Tutorial

An Overview of Sesame’s Conversational Speech Model

Published on April 12, 2025

AI/ML

An Overview of Sesame’s Conversational Speech Model

Introduction

Widespread voice interfaces have the potential to drastically impact how we interact with technology. The issue is that these voice models are not yet efficient or intelligent enough to be seamlessly integrated with our devices.
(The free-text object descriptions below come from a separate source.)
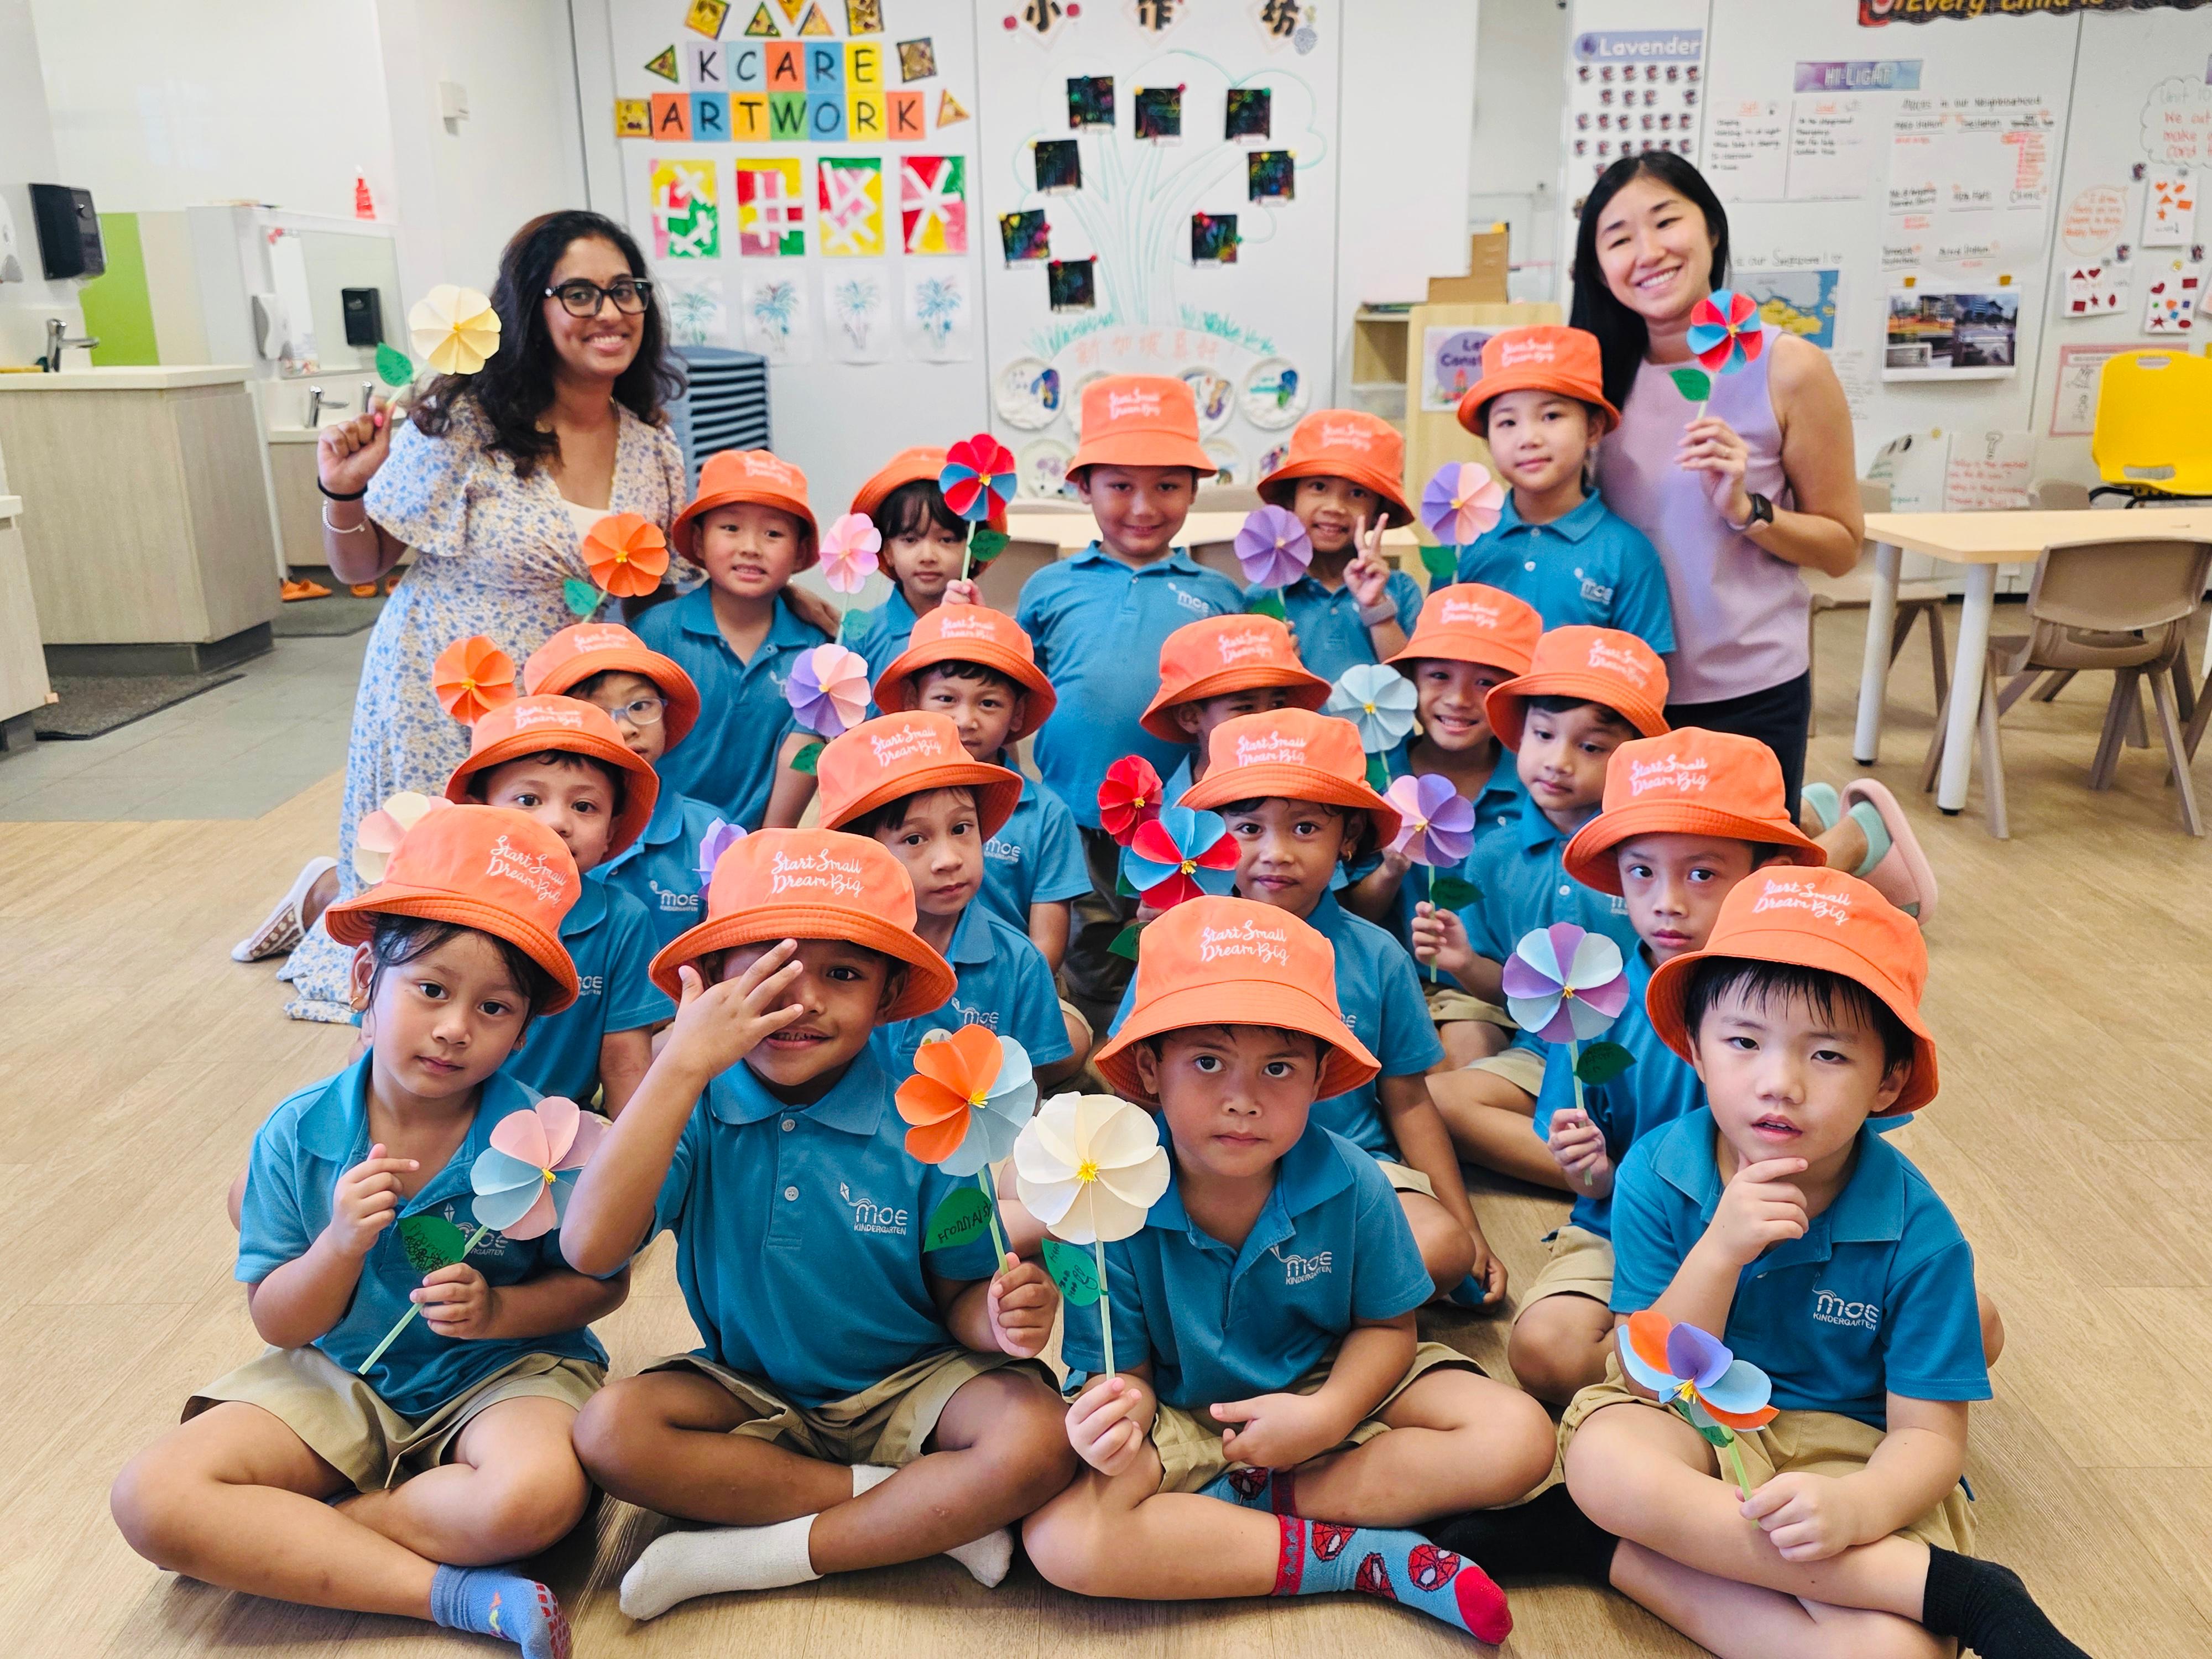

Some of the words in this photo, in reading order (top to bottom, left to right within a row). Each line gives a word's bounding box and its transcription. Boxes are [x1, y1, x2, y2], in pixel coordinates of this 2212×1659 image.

[1600, 36, 1700, 57] Lavender
[661, 101, 920, 134] ARTWORK
[870, 732, 905, 755] Start
[902, 724, 936, 743] Small
[877, 744, 919, 767] Dream
[917, 739, 942, 757] Big
[490, 834, 533, 868] Start
[529, 853, 567, 887] Small
[771, 851, 817, 875] Start
[816, 848, 863, 874] Small
[486, 855, 536, 889] Dream
[536, 878, 562, 908] Big
[771, 874, 831, 894] Dream
[830, 873, 865, 899] Big
[1761, 878, 1803, 898] Start
[1798, 882, 1852, 906] Small
[1751, 897, 1812, 914] Dream
[1811, 899, 1850, 926] Big
[1200, 926, 1243, 948] Start
[1241, 920, 1287, 942] Small
[1201, 944, 1257, 962] Dream
[1256, 941, 1291, 967] Big
[854, 1223, 907, 1236] KINDERGARTEN
[1286, 1266, 1332, 1285] KINDERGARTEN
[1813, 1312, 1876, 1332] KINDERGARTEN
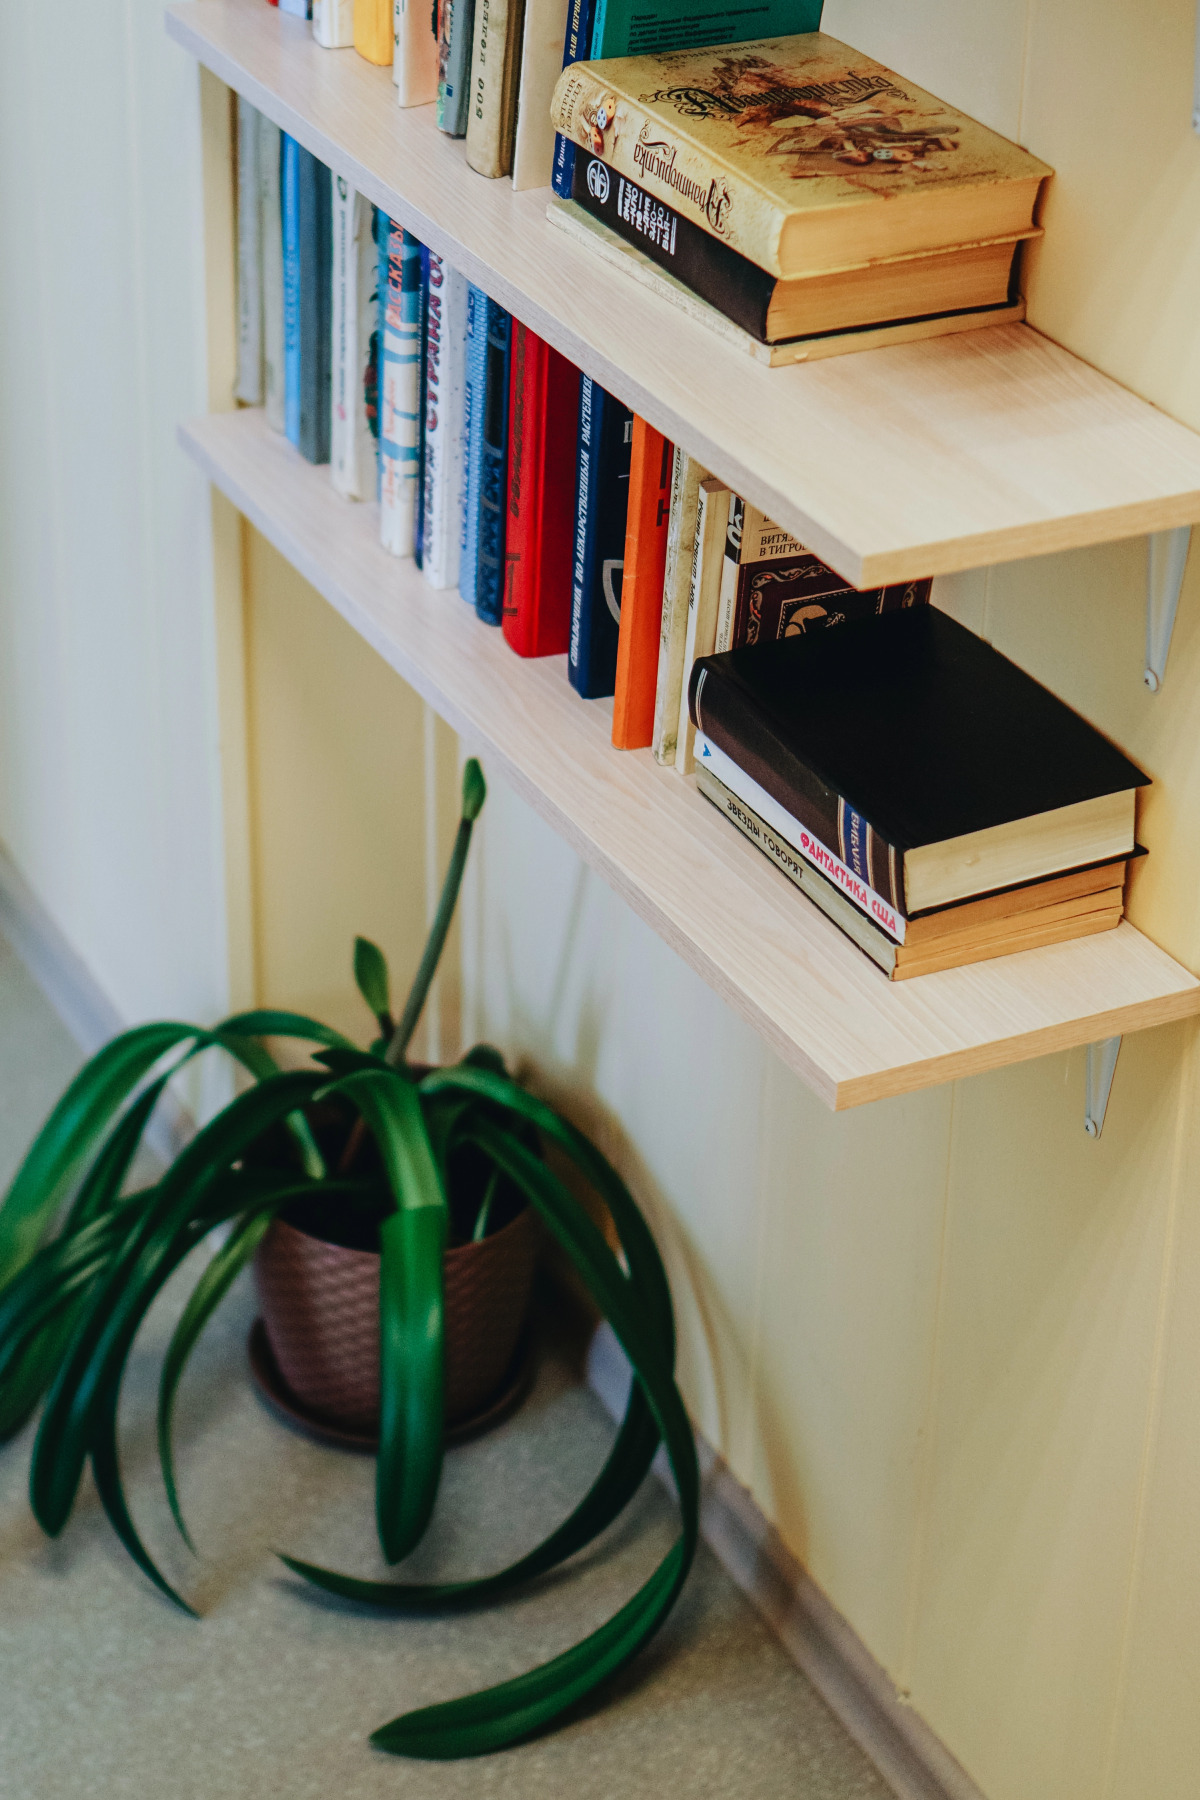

An effective voice model needs to be able to understand context, handle ambiguity, and pick up subtle nuances in tone while also responding timely and appropriately.

Where are we now?

While traditional voice pipelines, where we have a speech-to-text (STT) model followed by a Large Language Model (LLM) and a text-to-speech (TTS) model, are capable of generating increasingly natural responses, they often come with latency challenges and are limited in their context, making sustained natural conversation difficult.
In a previous article, we explored various TTS models including F5-TTS, Kokoro TTS, Spark TTS, and Sesame CSM, highlighting their capabilities and limitations across multilingual speech generation and voice cloning. This article will take a closer look at Sesame CSM, with a step-by-step implementation guide for deploying the model on a DigitalOcean GPU Droplet.

Sesame CSM

Sesame seeks to solve the gap in high quality conversational models with their Conversational Speech Model (CSM), which aims to generate more natural and contextually appropriate speech by considering the history of the conversation.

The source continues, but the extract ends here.